NASA bereitet unbemannten Betrieb vor
von Stefan Deiters astronews.com
31. August 2011
NASA-Ingenieure denken gegenwärtig darüber nach, wie sich
die Internationale Raumstation ISS mehrere Monate lang unbemannt betreiben
lässt. Dies könnte nötig werden, falls es der russischen Weltraumbehörde nicht
gelingt, die Sojus-Flüge rechtzeitig wieder aufzunehmen. Am 24. August
war der Sojus-Start eines unbemannten Progress-Raumfrachters
fehlgeschlagen.
Ab November ohne Besatzung? Blick auf die
Internationale Raumstation ISS im Juli 2011.
Foto:
NASA |
Manche beschlich ein ungutes Gefühl, als im Juli zum letzten Mal
eine amerikanische Raumfähre die Internationale Raumstation ISS besuchte und das
amerikanische Space Shuttle-Programm anschließend eingestellt wurde.
Für einige Jahre stehen seitdem nämlich nur noch die russischen Sojus-Kapseln
zur Verfügung, um Astronauten zur ISS und wieder zurück zur Erde zu bringen.
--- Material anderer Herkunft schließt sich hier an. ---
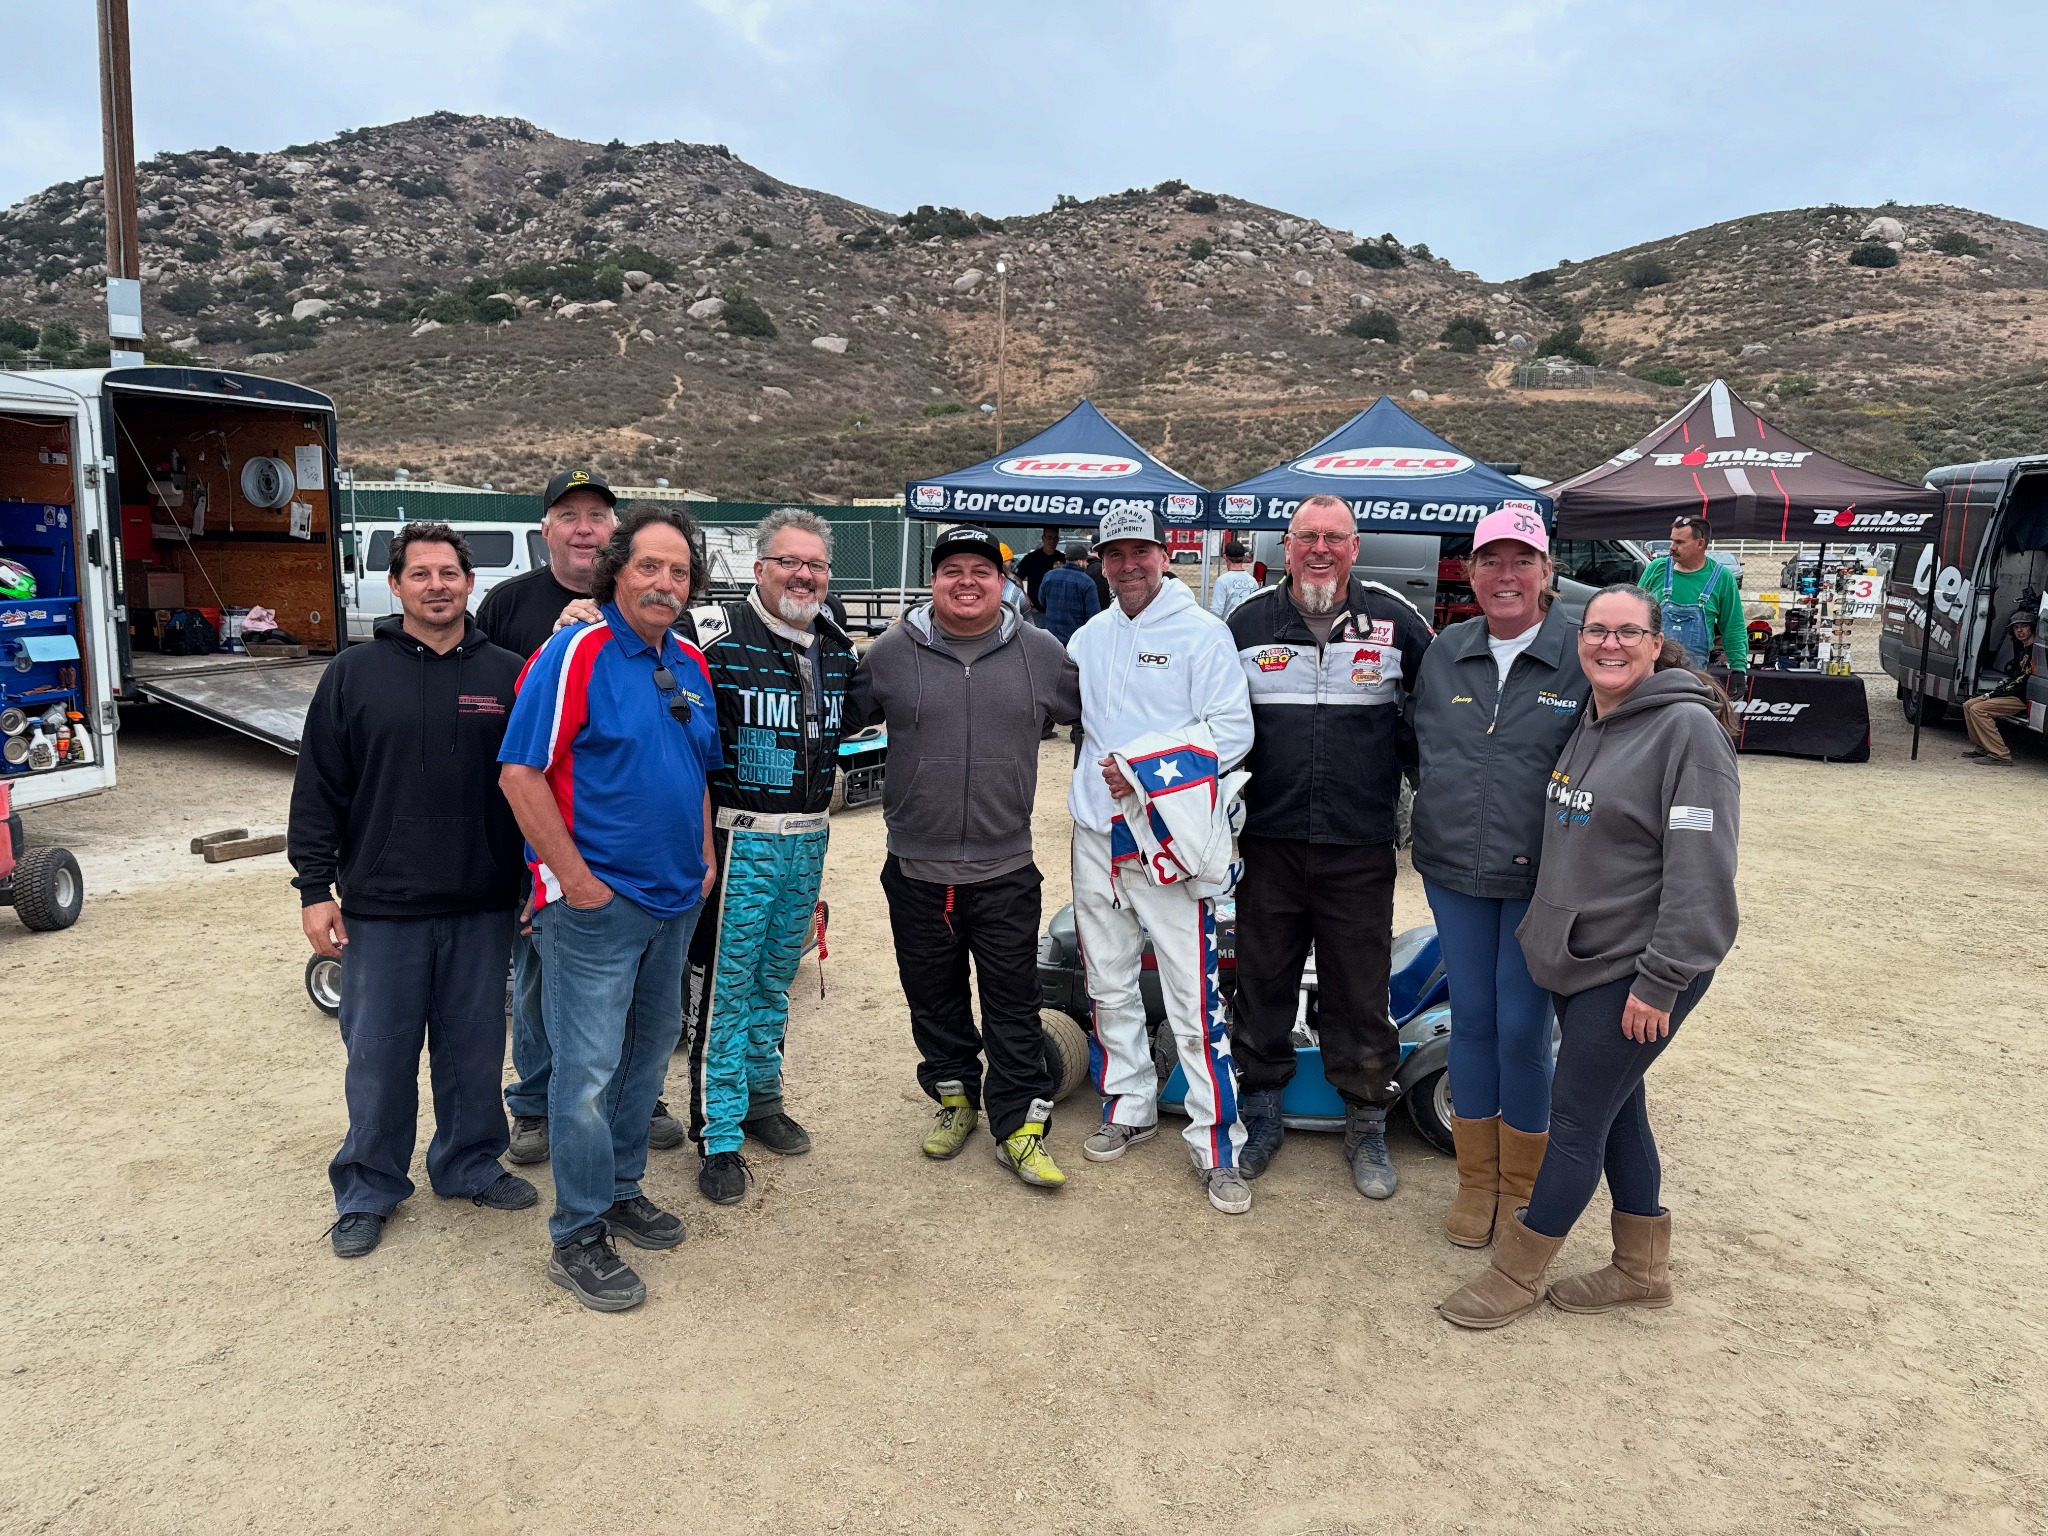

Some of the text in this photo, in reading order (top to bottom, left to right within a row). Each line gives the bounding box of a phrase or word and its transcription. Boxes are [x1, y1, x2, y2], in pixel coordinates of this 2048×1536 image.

Die
Versorgung der ISS wird zunächst durch russische Progress-Raumfrachter,
die europäischen ATV und die japanischen HTV sichergestellt.
Wie gefährlich es sein kann, sich in Sachen ISS-Besatzungswechsel nur auf ein
Transportsystem zu verlassen, könnte sich nun früher zeigen als wohl selbst die
Skeptiker erwartet hatten: Diese befürchteten vor allem, dass Russland seine
Monopolstellung in der bemannten Raumfahrt ausnutzen könnte. Damit aber, dass
die als außerordentlich zuverlässig geltenden Sojus-Raumschiffe
plötzlich aus technischen Gründen nicht mehr zur Verfügung stehen, hatte wohl
niemand ernsthaft gerechnet.
Doch genau dies könnte nun passieren: Nachdem der Start eines Progress-Raumfrachters
zur ISS mit einer Sojus-Trägerrakete am 24. August fehlgeschlagen ist,
wurden von der russischen Raumfahrtbehörde zunächst alle Sojus-Starts
gestoppt. Wann der nächste Start einer Sojus-Rakete stattfinden kann,
steht derzeit noch nicht fest, es gibt aber vorläufige Pläne, die Starts im
Oktober mit unbemannten Missionen wieder aufzunehmen.
Damit könnte die nächste Besatzung im November zur ISS starten. Bislang
allerdings ist die Untersuchung der Unfallursache noch nicht abgeschlossen, so
dass zumindest fraglich ist, ob der in Aussicht genommene Zeitplan auch
tatsächlich eingehalten werden kann. Sollten die Sojus-Raumschiffe auch
im November noch am Boden bleiben, müsste die Internationale Raumstation
eventuell für einige Monate unbemannt betrieben werden. Nach rund elf Jahren
wäre damit die permanente Präsenz von Menschen im Erdorbit zunächst beendet.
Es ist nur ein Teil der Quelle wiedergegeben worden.